Since the 20th century, metal corsets designed as fashionable garments have occasionally been made for contemporary wear, although such instances are rare. Steele notes that alongside a 1930s metal corset made for and worn by a fetish corsetiere called Cayne, the late 20th- and early 21st-century tight-lacer Cathie Jung had a silver corset-cover made to wear over her actual laced corset. Between 1933 and 1940 Mrs. Cayne advertised a booklet describing her 14 in waistline and offered other services in the Illustrated Sporting and Dramatic News.

As a medical garment, metal corsets endured well into the 20th century. The Mexican painter Frida Kahlo was a notable wearer of such medical corsets, following ongoing problems as a result of a serious road crash she experienced as a teenager. By 1944, Kahlo's doctors had recommended that she wear a steel corset instead of the plaster ones she had mainly worn since the accident; and Kahlo, whose paintings were heavily autobiographical, used the new corset as the basis for one of her best known self-portraits, The Broken Column. In the painting, Kahlo portrays herself weeping with agony, her torso split open revealing that her spine is a crumbling Ionic column, and her damaged body held together by the steel corset. A form of metal corset or orthopaedic brace used in the second half of the 20th century was the Harris brace, named after its inventor, R.I. Harris.
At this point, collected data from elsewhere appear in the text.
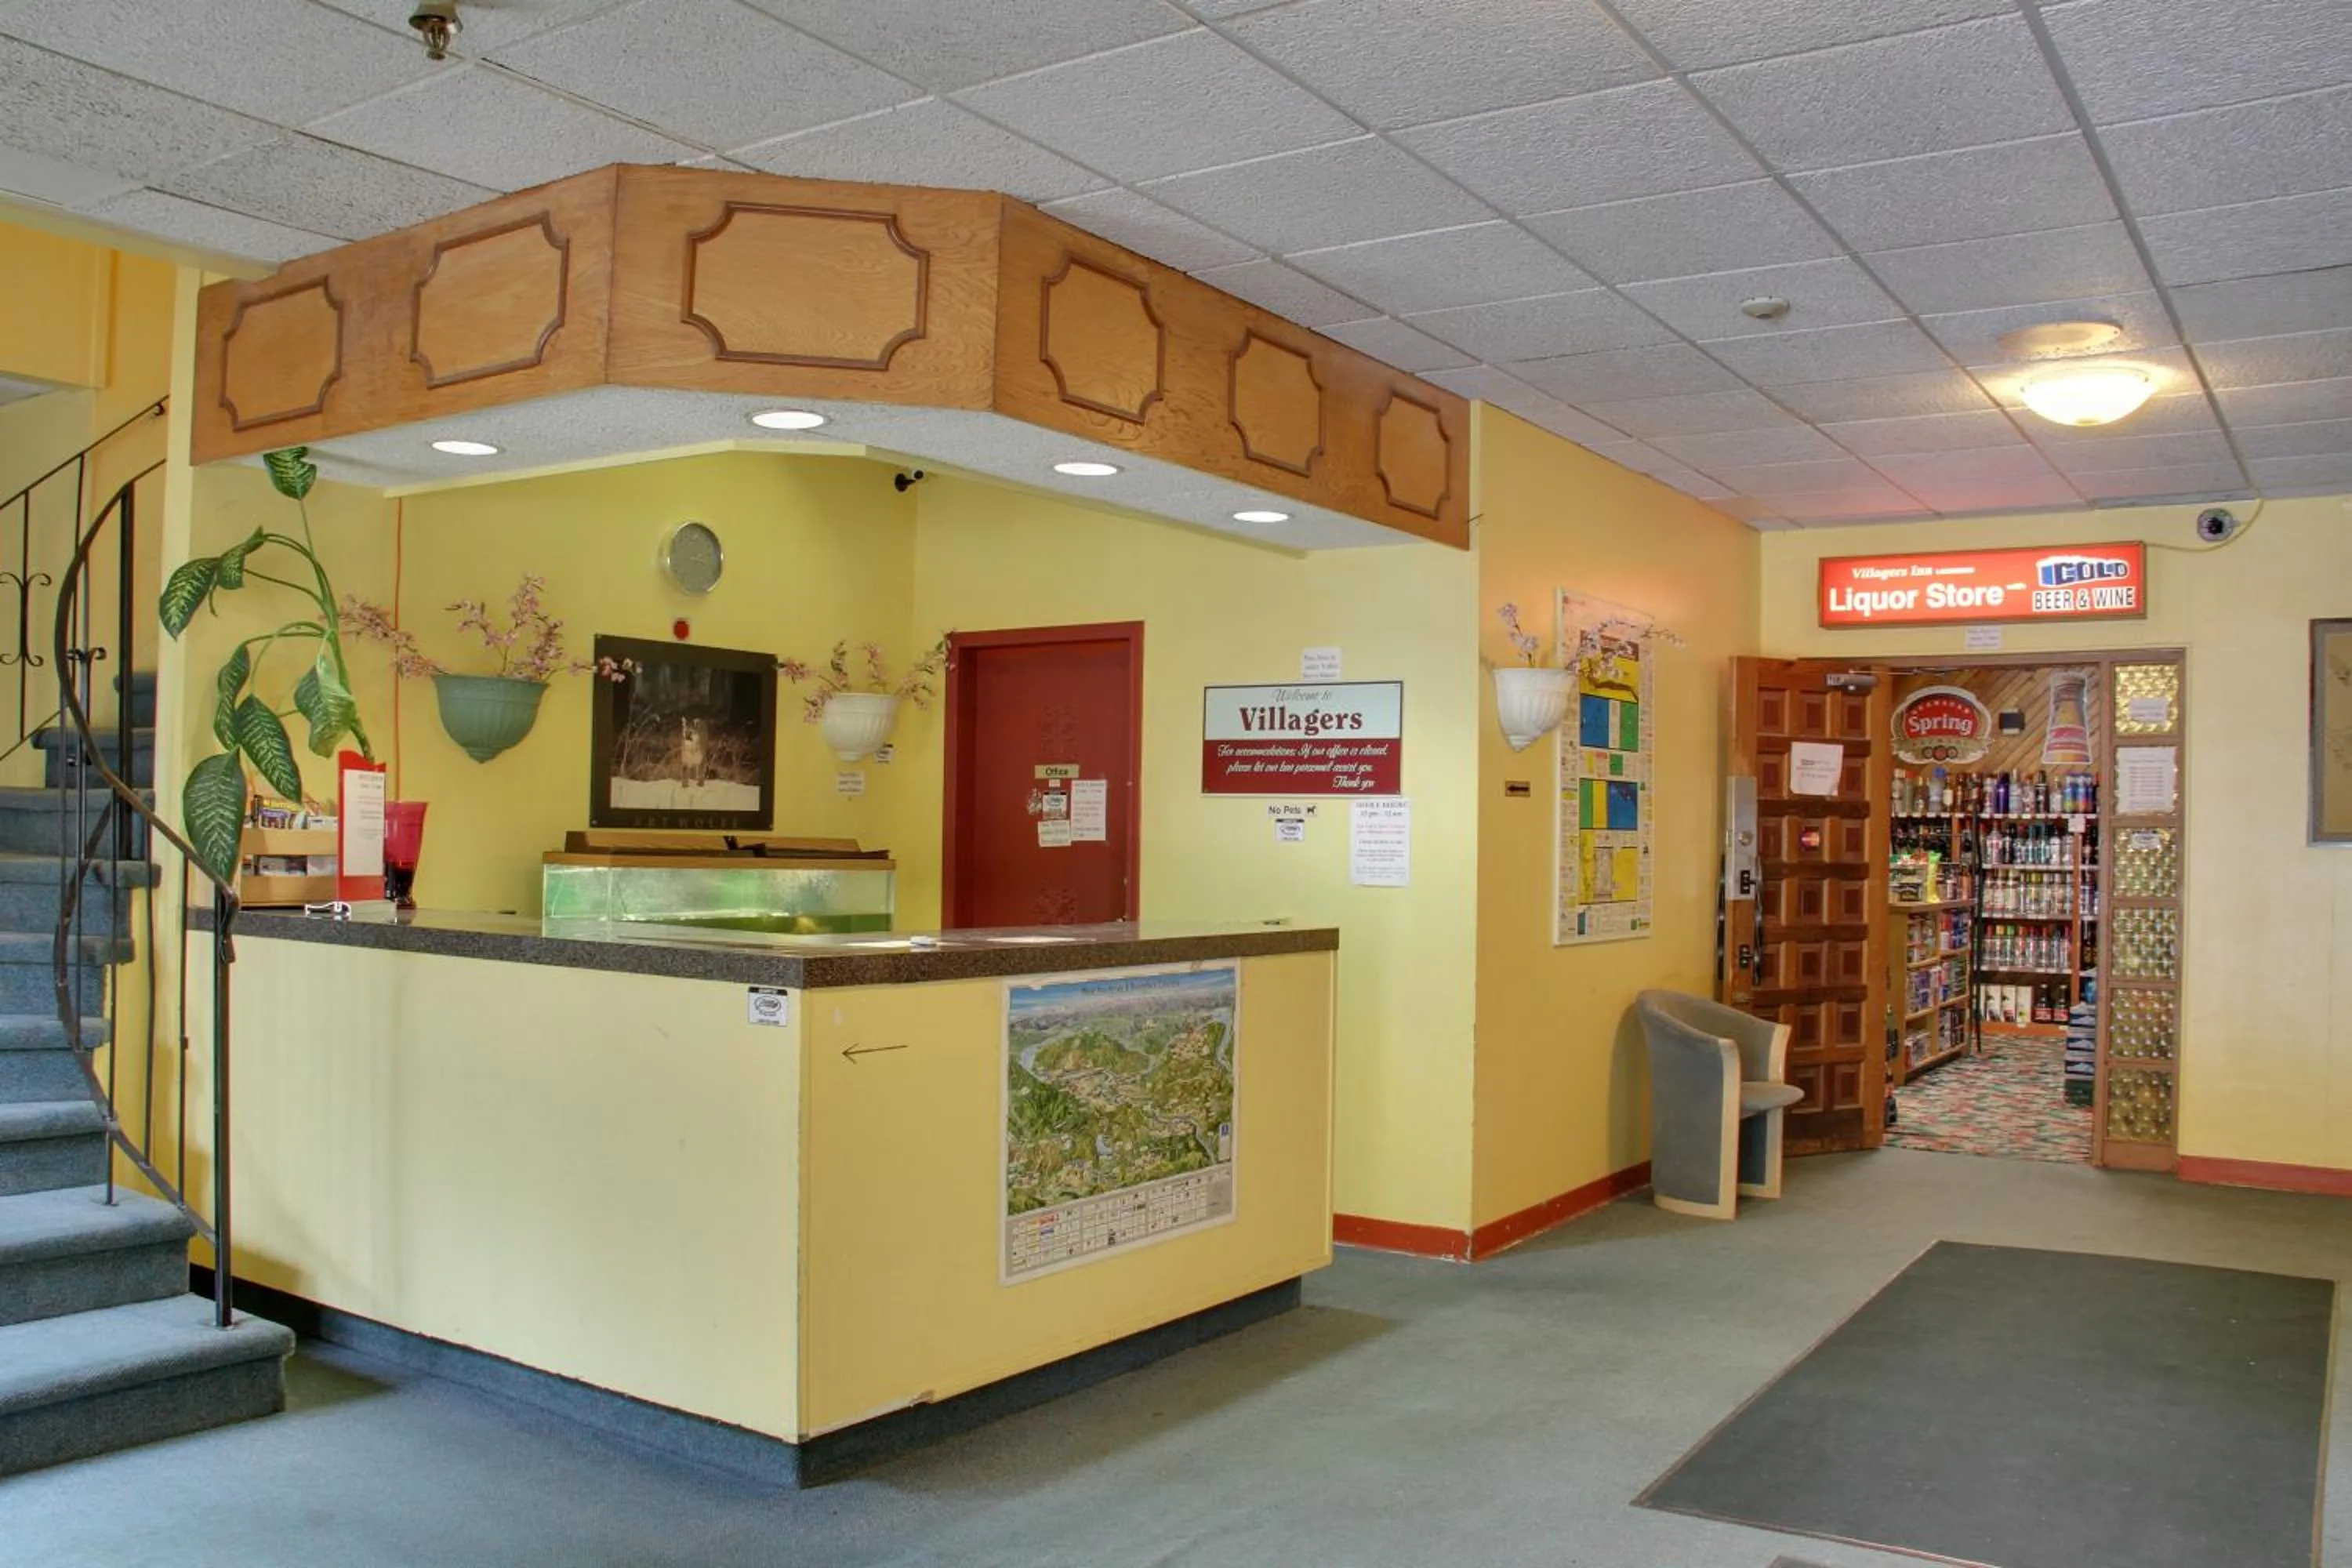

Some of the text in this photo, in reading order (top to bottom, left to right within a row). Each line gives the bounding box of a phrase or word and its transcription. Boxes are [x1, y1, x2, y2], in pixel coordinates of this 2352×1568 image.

[1852, 564, 1933, 580] Villagers Inn
[2042, 561, 2129, 586] COLD
[1829, 583, 2005, 617] Liquor Store
[2034, 587, 2133, 610] BEER & WINE
[1239, 706, 1363, 736] Villagers
[1908, 714, 1973, 736] Spring
[1332, 775, 1361, 789] Thank
[1268, 804, 1301, 815] No Pets
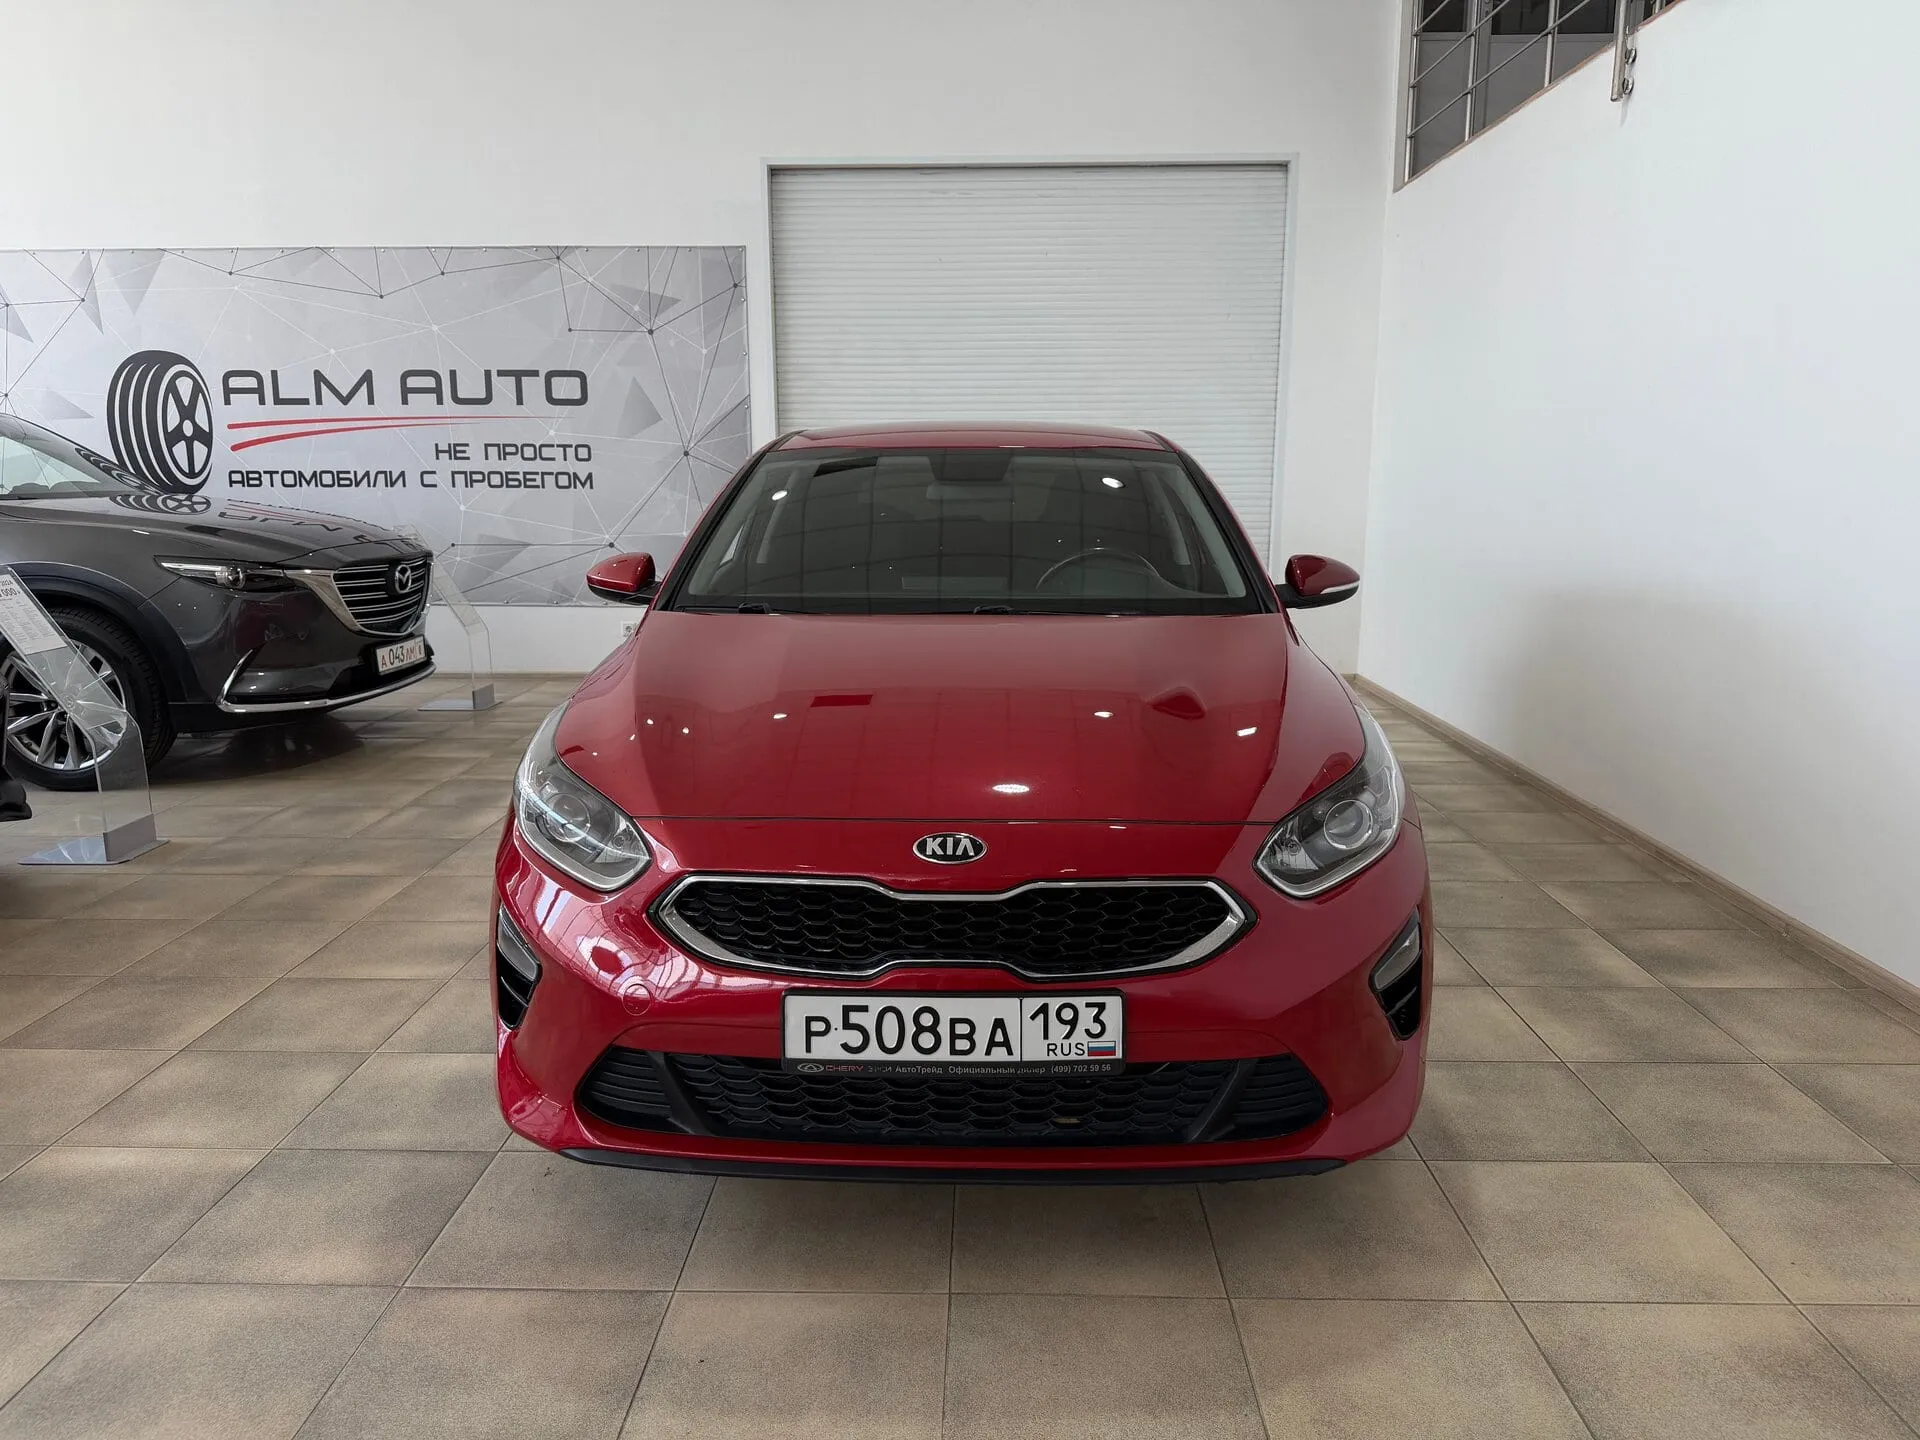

Harris braces are designed to immobilise the waist whilst healing, and are made with two bendable metal bands worn above and below the waist, connected with rigid metal supports.

20th and 21st century designers have sometimes designed metal corsets and bodices as part of their fashion shows, including Alexander McQueen, Issey Miyake, and Thierry Mugler. One of McQueen's most famous pieces was a 1999 aluminium corset, called the Coiled Corset, created in collaboration with the jeweller Shaun Leane and the artist Kees van der Graaf. Built around a cast of the model Laura Morgan's torso, the garment had a 15 in waist and was composed of 97 stacked coils, which had to be screwed together onto Morgan's body. The Coiled Corset was inspired by the neck rings worn by Ndebele women, extended to encase the wearer's torso. In 2001, the corset formed part of a live presentation at the Victoria and Albert Museum showcasing McQueen and Leane's collaborations. Corsets and bustiers can also be made using wire, such as a 1983 aluminium wire bustier by Miyake, which was cuffed around the torso over a feathered garment, offering a pun on the theme of birdcages.

==In museums==
Metal corsets are found in a number of museum collections around the world. Some museums, including the Museo Stibbert, and the Kyoto Costume Institute in Japan, present their metal bodices as fashionable late 16th-century garments. The Victoria and Albert Museum in London describes an iron corset in their collection (formerly owned by the painter Talbot Hughes) as dating from the 18th century and likely intended for orthopaedic purposes. Others, such as the iron corset in the Fashion Institute of Technology, are presented as fakes.